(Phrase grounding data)
__________________________________________________

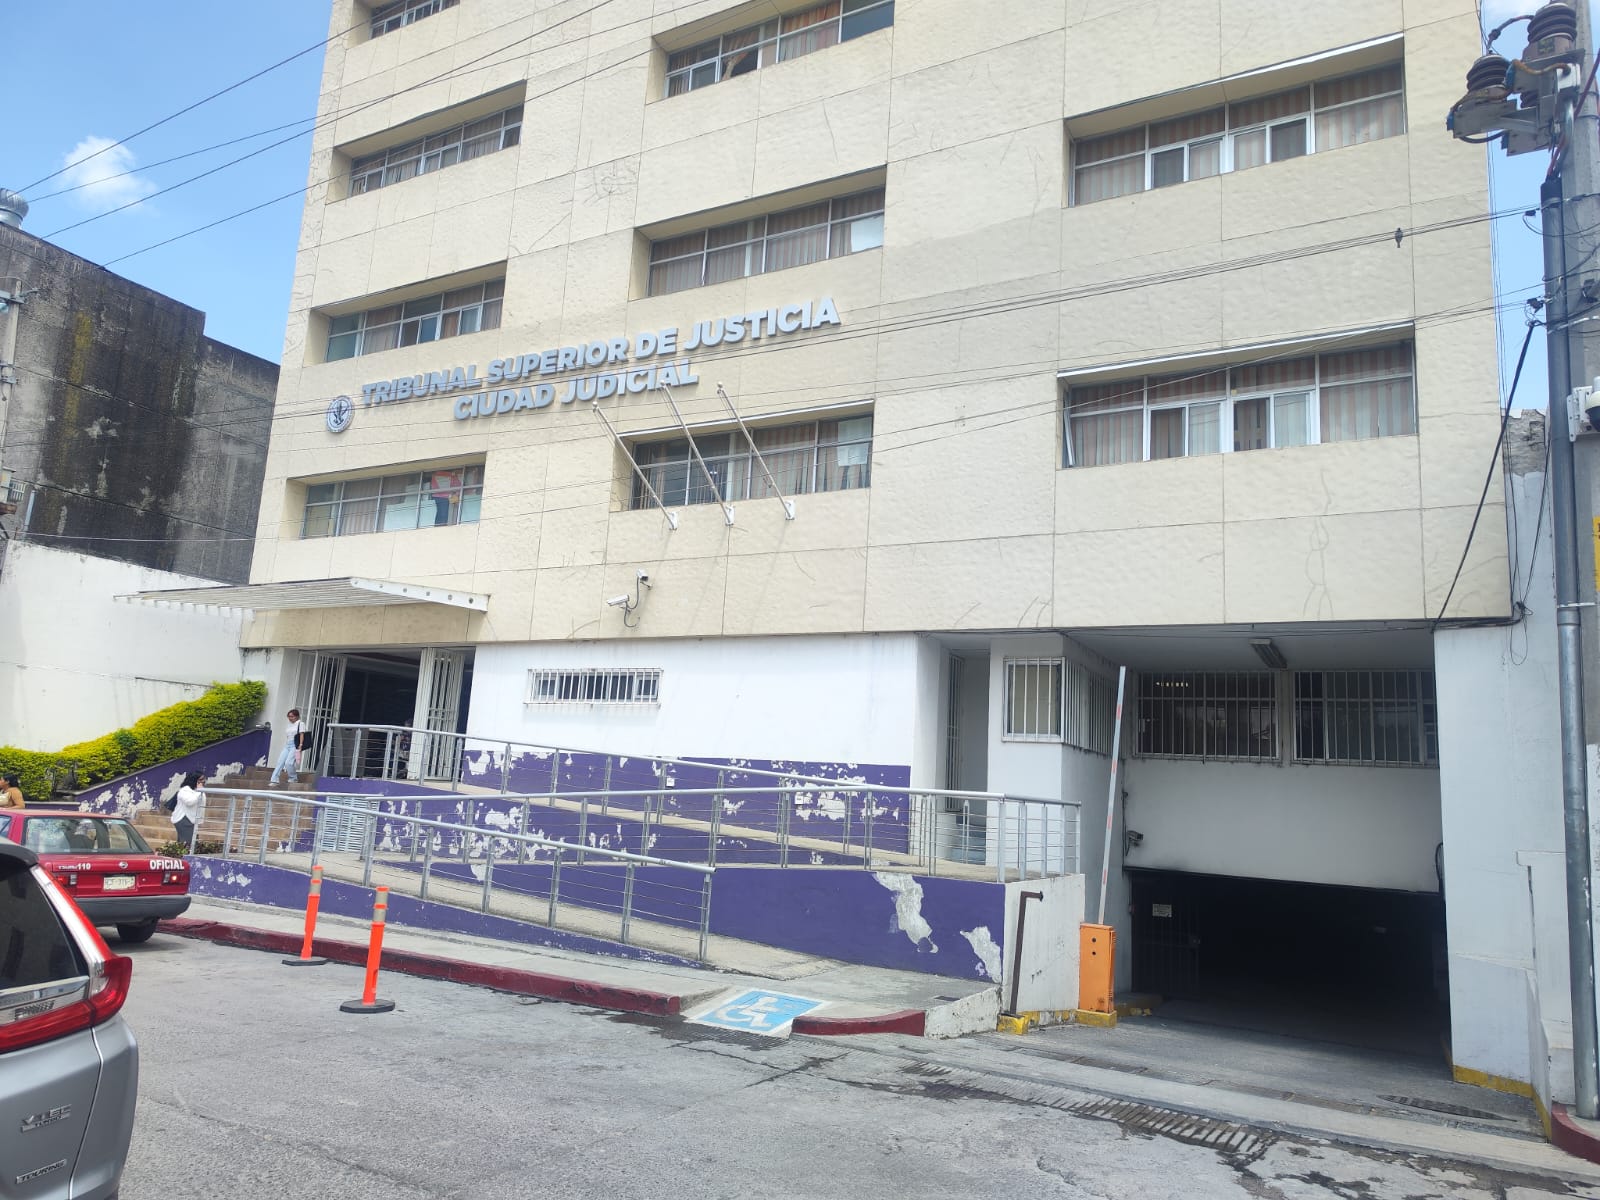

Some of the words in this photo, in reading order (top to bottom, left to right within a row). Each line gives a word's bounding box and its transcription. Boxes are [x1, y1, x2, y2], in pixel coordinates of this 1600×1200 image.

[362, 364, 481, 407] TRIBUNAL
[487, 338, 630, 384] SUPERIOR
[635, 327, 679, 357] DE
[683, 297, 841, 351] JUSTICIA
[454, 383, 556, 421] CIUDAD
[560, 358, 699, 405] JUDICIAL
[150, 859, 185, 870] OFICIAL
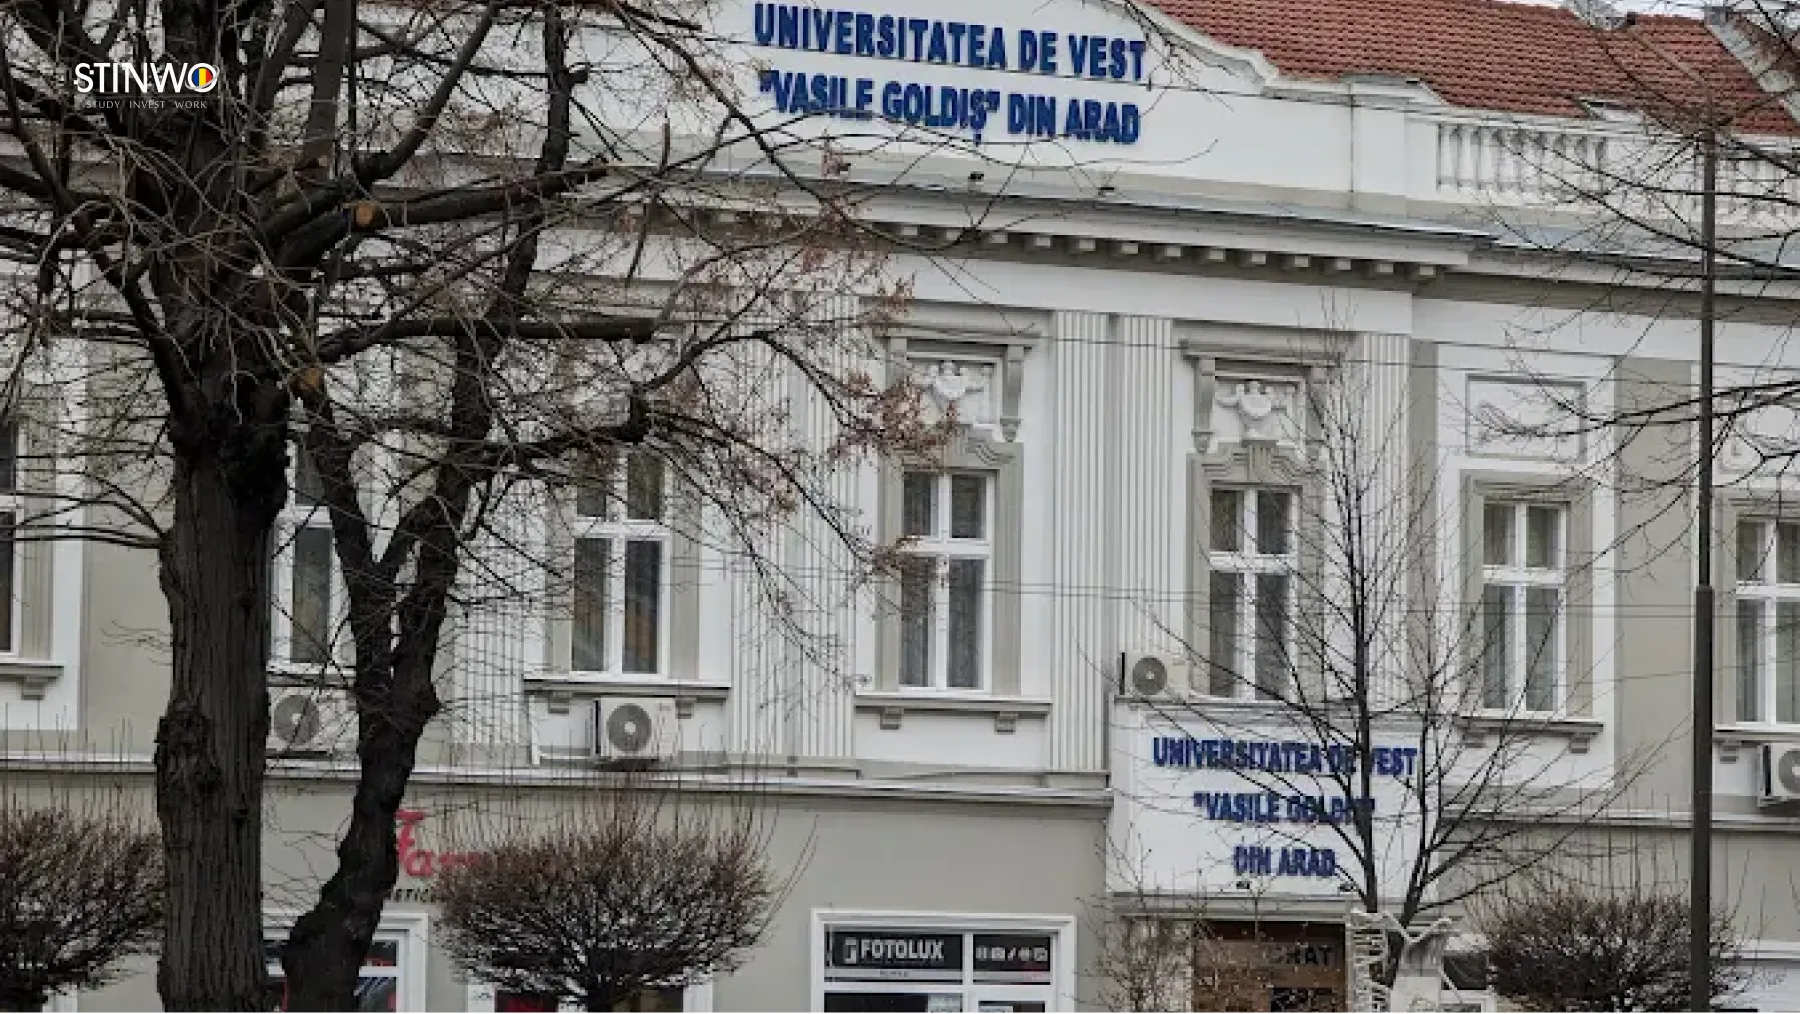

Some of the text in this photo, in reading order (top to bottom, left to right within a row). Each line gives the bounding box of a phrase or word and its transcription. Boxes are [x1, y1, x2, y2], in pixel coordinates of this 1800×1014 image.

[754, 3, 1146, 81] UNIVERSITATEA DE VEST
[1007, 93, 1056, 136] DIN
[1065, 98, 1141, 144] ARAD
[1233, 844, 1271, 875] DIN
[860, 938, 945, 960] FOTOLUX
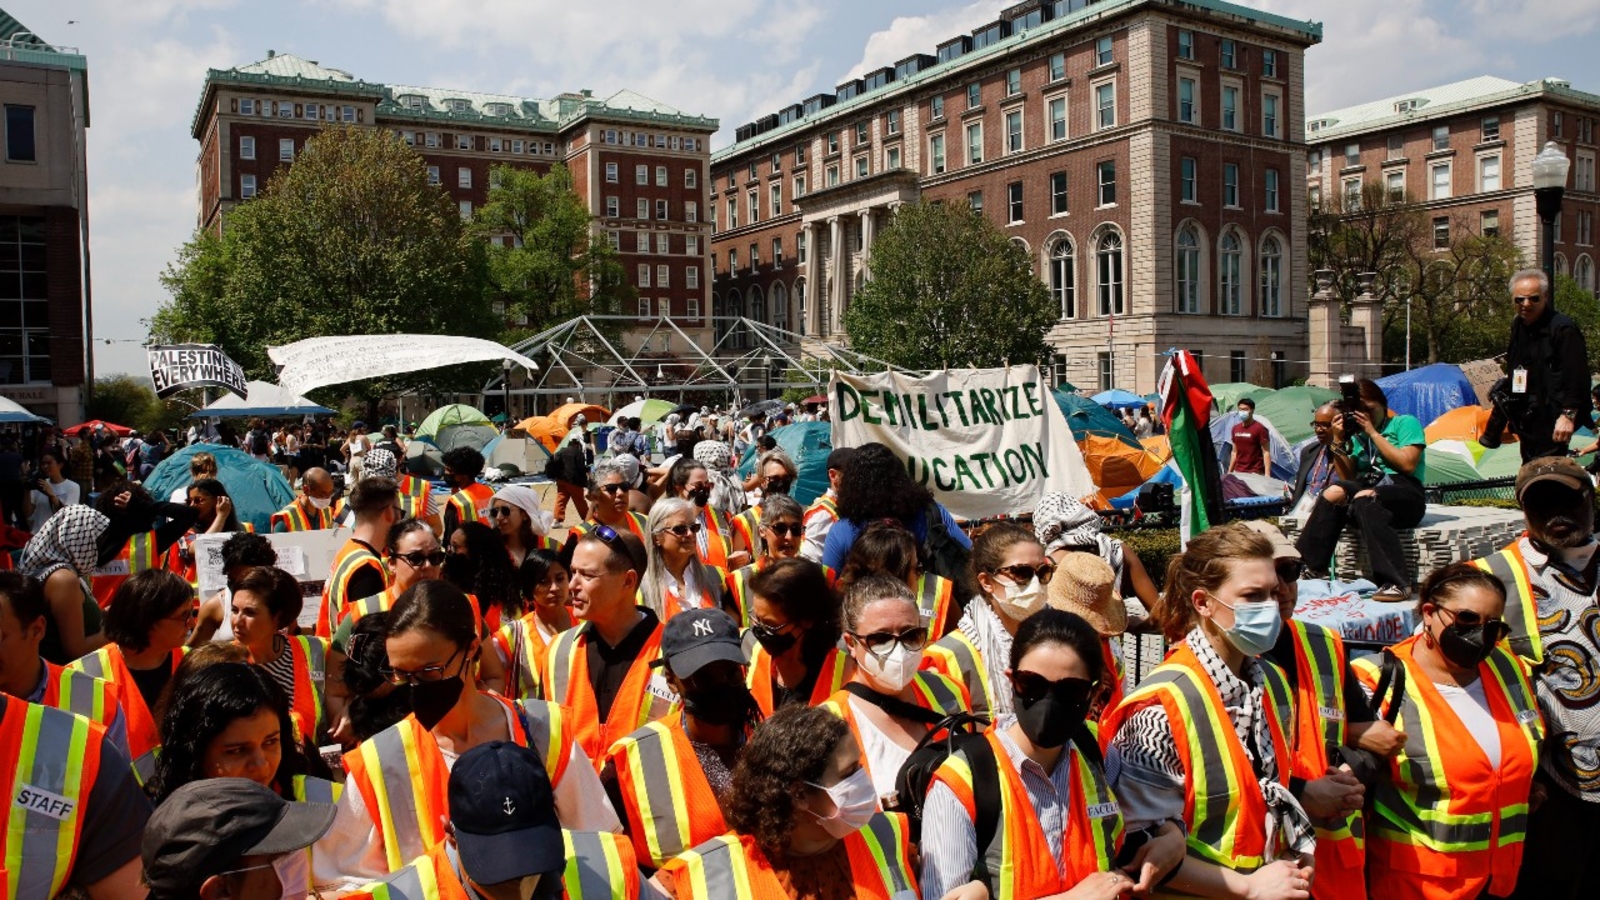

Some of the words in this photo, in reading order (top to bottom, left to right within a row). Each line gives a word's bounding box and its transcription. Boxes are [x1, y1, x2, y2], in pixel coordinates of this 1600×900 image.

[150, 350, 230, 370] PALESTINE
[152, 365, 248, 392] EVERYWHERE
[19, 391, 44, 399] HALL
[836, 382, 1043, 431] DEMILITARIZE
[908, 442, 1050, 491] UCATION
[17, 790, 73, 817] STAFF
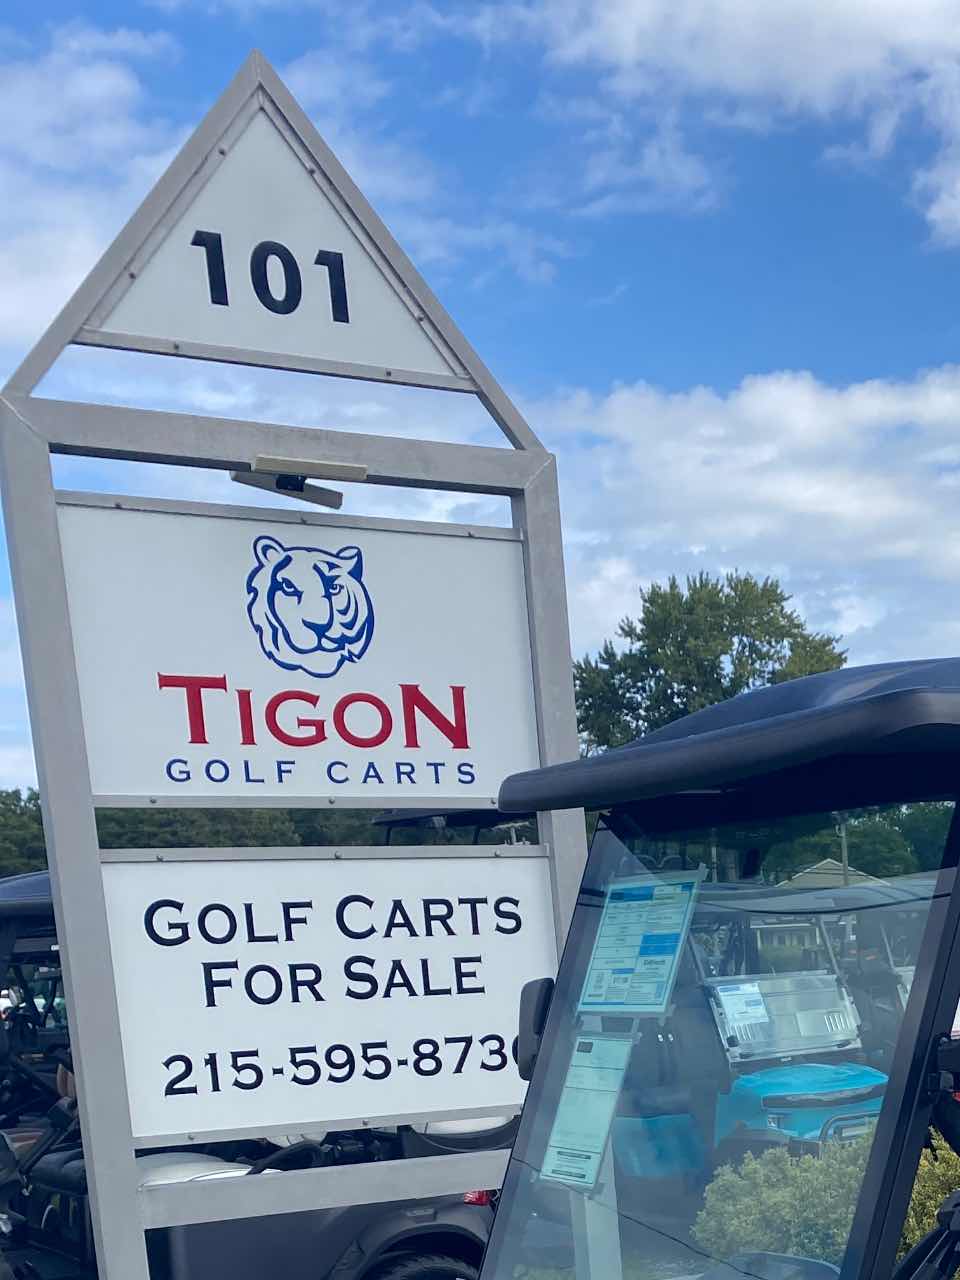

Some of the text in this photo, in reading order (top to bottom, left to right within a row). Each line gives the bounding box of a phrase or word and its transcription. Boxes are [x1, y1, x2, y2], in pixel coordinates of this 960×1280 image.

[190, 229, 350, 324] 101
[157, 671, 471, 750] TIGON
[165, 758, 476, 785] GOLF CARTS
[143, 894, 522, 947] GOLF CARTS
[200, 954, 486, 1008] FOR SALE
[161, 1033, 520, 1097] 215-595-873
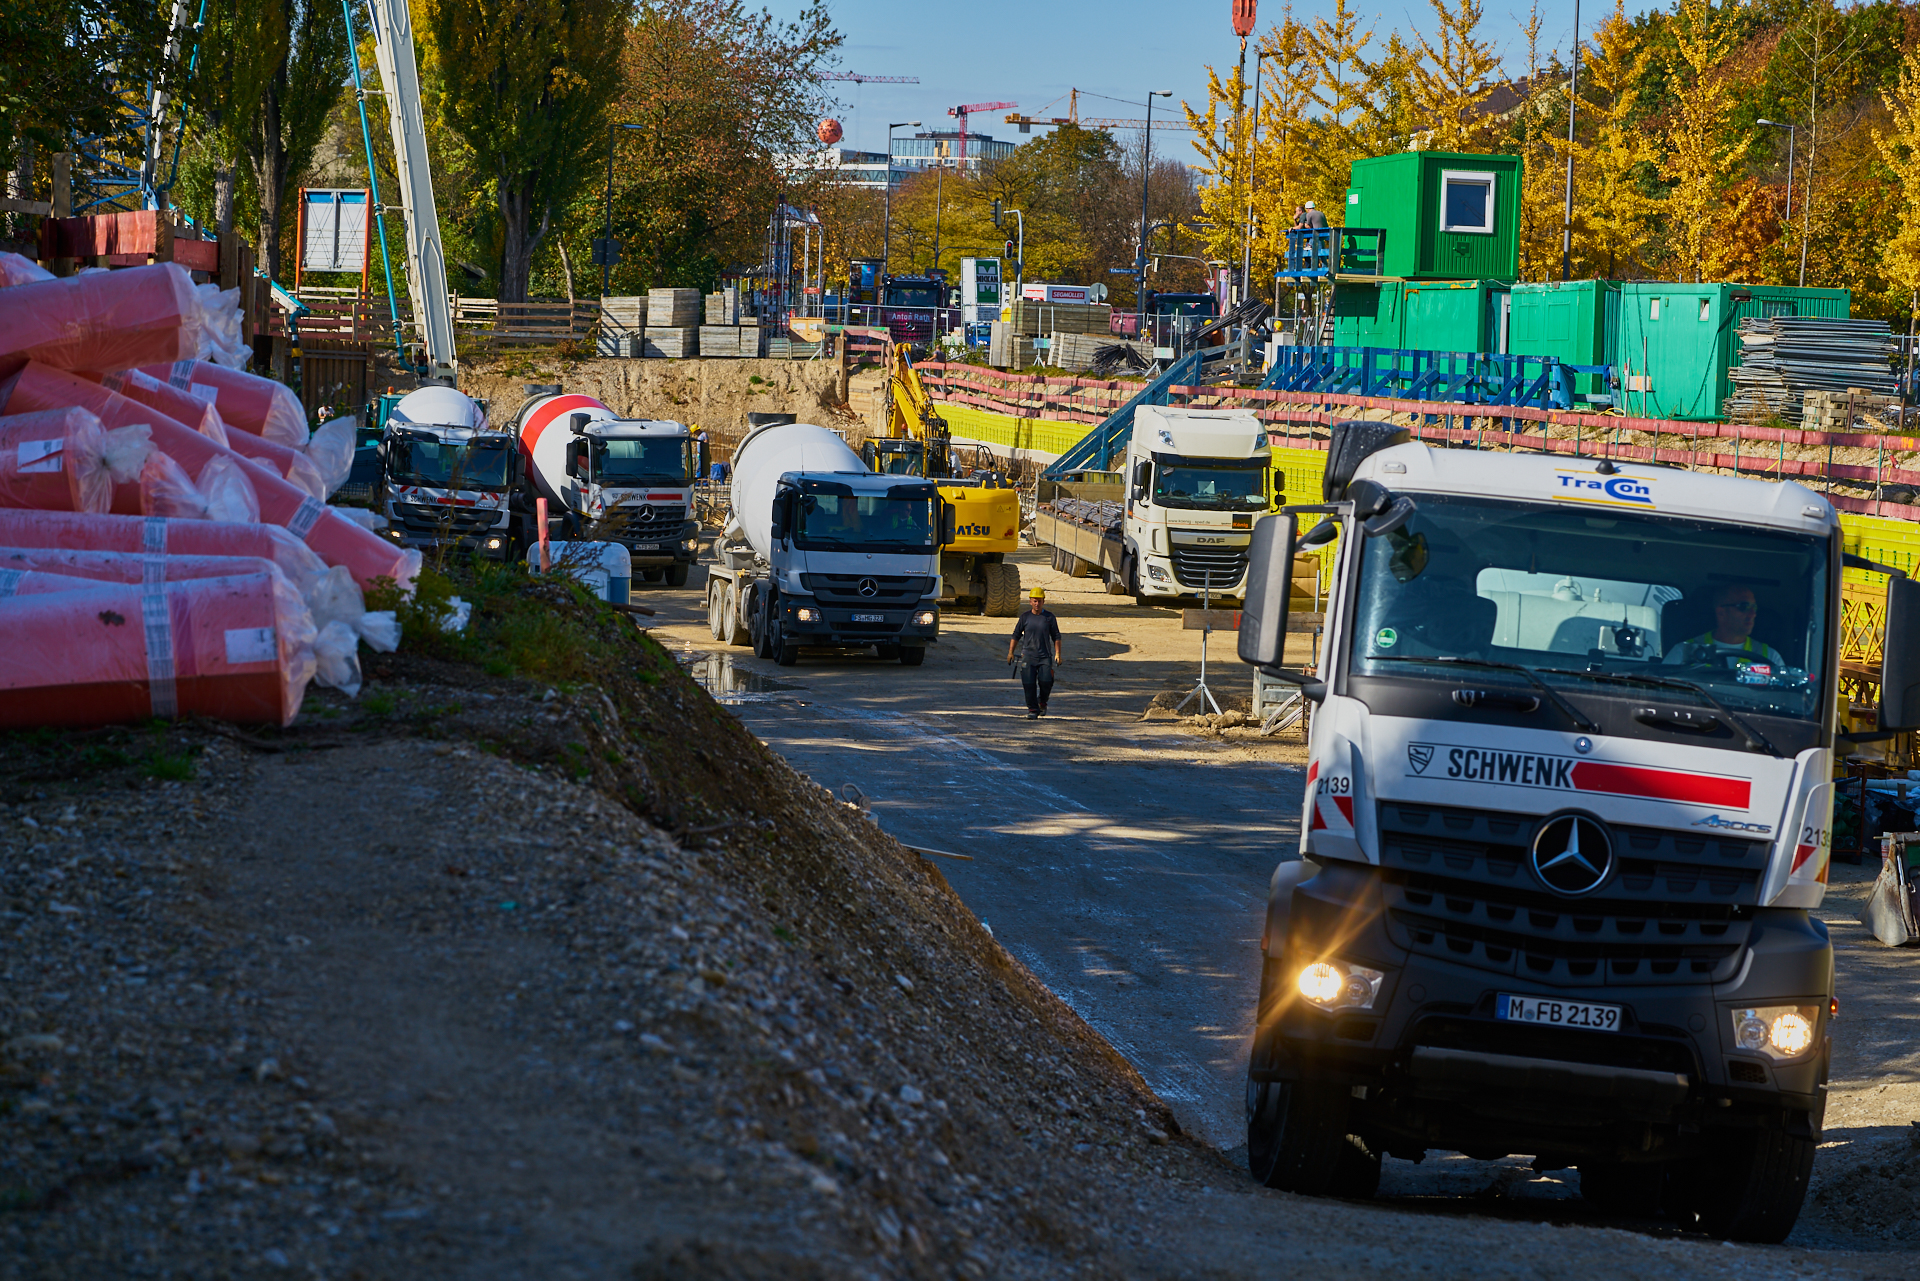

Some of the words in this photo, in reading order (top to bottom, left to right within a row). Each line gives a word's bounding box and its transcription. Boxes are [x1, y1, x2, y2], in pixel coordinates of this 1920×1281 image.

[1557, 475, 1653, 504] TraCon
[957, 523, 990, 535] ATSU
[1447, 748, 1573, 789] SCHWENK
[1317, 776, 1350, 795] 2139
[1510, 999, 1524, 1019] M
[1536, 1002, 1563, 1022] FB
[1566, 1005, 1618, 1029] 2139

__________________________________________________

Instructions to follow
Your job is to transcribe the records exactly and in full. Pictures are not part of the copy.

Task result
Some of the words in this photo, in reading order (top to bottom, left to right within a row). Each line gives a word's bounding box and its transcription. Boxes are [x1, y1, x2, y2], in pixel coordinates of this 1600×1200 image.

[362, 364, 481, 407] TRIBUNAL
[487, 338, 630, 384] SUPERIOR
[635, 327, 679, 357] DE
[683, 297, 841, 351] JUSTICIA
[454, 383, 556, 421] CIUDAD
[560, 358, 699, 405] JUDICIAL
[150, 859, 185, 870] OFICIAL

Some of the text in this photo, in reading order (top to bottom, left to right within a row). Each line gives the bounding box of a phrase or word and its transcription. Boxes are [x1, y1, x2, y2], in pixel coordinates of this 1800×1014 image.

[754, 3, 1146, 81] UNIVERSITATEA DE VEST
[1007, 93, 1056, 136] DIN
[1065, 98, 1141, 144] ARAD
[1233, 844, 1271, 875] DIN
[860, 938, 945, 960] FOTOLUX

Some of the words in this photo, in reading order (top to bottom, left to right within a row). Each line gives a word's bounding box and its transcription. Boxes are [x1, y1, x2, y2], in pixel coordinates of this 1600×900 image.

[150, 350, 230, 370] PALESTINE
[152, 365, 248, 392] EVERYWHERE
[19, 391, 44, 399] HALL
[836, 382, 1043, 431] DEMILITARIZE
[908, 442, 1050, 491] UCATION
[17, 790, 73, 817] STAFF

Some of the text in this photo, in reading order (top to bottom, left to right within a row). Each line gives the bounding box of a phrase or word and its transcription. Boxes are [x1, y1, x2, y2], in pixel coordinates of this 960×1280 image.

[190, 229, 350, 324] 101
[157, 671, 471, 750] TIGON
[165, 758, 476, 785] GOLF CARTS
[143, 894, 522, 947] GOLF CARTS
[200, 954, 486, 1008] FOR SALE
[161, 1033, 520, 1097] 215-595-873

Some of the words in this photo, in reading order (top to bottom, left to right within a row). Each line gives a word's bounding box and its transcription. Boxes are [x1, y1, x2, y2], in pixel coordinates of this 1920×1281 image.

[1557, 475, 1653, 504] TraCon
[957, 523, 990, 535] ATSU
[1447, 748, 1573, 789] SCHWENK
[1317, 776, 1350, 795] 2139
[1510, 999, 1524, 1019] M
[1536, 1002, 1563, 1022] FB
[1566, 1005, 1618, 1029] 2139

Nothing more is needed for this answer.